The more I try and think about Burial at Sea, the more confused I get about it.

I thought Infinite established that for every choice or random event, a universe is created for each of the potential outcomes. Hence why we had to drown Booker right as he would've became Comstock. But in Burial, we kill Comstock after he'd been in Rapture for years, having creating an infinite number of Comstock-in-Rapture timelines.

And then there's the implications of branching on Sally's rescue. While Elizabeth's actions do create a path where Sally is rescued, there'd be infinite paths where she wasn't. Maybe Jack decided to harvest little sisters that playthrough or something.
The thing is, two new universes are born only when it's convenient for the story. I kind of wish they had gone with a little more discrete and toned down approach with the whole multiverse setting. Right now it feels impossible to truly understand anything and everything just creates more plotholes and questions when you apply the infinite universe theory to it.

You are totally correct with the Sally part. Both endings of Bioshock happen in different universes. Anything else would be completely against the (shoddy) rules they've established.

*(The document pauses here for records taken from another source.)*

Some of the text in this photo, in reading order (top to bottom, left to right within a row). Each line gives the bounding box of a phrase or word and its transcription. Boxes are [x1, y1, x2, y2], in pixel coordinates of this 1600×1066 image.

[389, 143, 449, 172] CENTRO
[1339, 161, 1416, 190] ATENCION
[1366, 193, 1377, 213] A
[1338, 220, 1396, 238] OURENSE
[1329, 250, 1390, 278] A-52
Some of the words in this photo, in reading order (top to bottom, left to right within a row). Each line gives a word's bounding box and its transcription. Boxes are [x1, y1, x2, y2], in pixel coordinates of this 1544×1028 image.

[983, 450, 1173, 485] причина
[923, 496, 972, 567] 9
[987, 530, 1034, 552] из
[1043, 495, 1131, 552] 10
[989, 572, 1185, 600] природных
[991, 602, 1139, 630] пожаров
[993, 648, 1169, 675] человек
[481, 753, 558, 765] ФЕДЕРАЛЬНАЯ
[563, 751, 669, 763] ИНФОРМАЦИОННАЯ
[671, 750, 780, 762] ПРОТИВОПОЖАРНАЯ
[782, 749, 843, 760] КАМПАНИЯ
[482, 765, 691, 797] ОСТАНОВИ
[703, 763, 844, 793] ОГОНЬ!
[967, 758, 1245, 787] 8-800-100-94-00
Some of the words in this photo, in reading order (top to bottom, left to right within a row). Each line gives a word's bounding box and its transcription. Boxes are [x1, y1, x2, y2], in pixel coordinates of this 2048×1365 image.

In the end Infinite was a lot like Lost. You're supposed to be in it for the ride and not to nit-pick the events. I enjoyed both but they would have benefited immensely if they held up better to closer scrutiny.
 

Guri

Member
Liz isn't physically in the plane. It's just an embellished way of showing that she knows what's going to happen and spelling it out for people who don't know the story of Bioshock.

I'm not actually sure that sequence makes any sense, assuming a standard interpretation of space-time casuality (which obviously is not necessarily true with these games, also I think I just wanted to say "assuming a standard interpretation of space-time casuality"). By the time that plane sequence occurs, both versions of Elizabeth that show up in Rapture are dead. My assumption is that either the plane is one of the "doors" she sees into when she's still transdimensional Elizabeth, or else it's some sort of latent premonition about how the words "Would You Kindly" would affect the world of Rapture later on. Or maybe a bit of both, since she initially sees herself in the mirror after Atlus captures her (and I think after she gets drugged and is knocked out for two weeks).

I think it makes sense that it's one way to do the narrative. As a premonition of the events happening there.
 

Markitron

Is currently staging a hunger strike outside Gearbox HQ while trying to hate them to death
Why was Atlas an Aussie-guy at first and then he was Fontaine? I thought Fontaine was a bald guy?


Or when did Fontaine die and Atlas overtook his identity? Wasn't somewhere in Bioshock 1?



What, when did this happen?

That's a pretty strong Dublin accent. It sounds nothing like an Australian accent
 
You're missing my point. I'm asking how the Leuteces in the campaign can be omniscient ghosts in the universes where they were killed, unless the explanation is "they just got scattered to the multiverse winds, they didn't really die".

my theory abt Leuteces were that they gained their powers after comstock killed them while they were in the tear.so i don't think they had the powers before,but knowledge of multiverse yes they did. it kind of explains how eli got her powers,her body was tore between to universe and that kind of gave her the powers.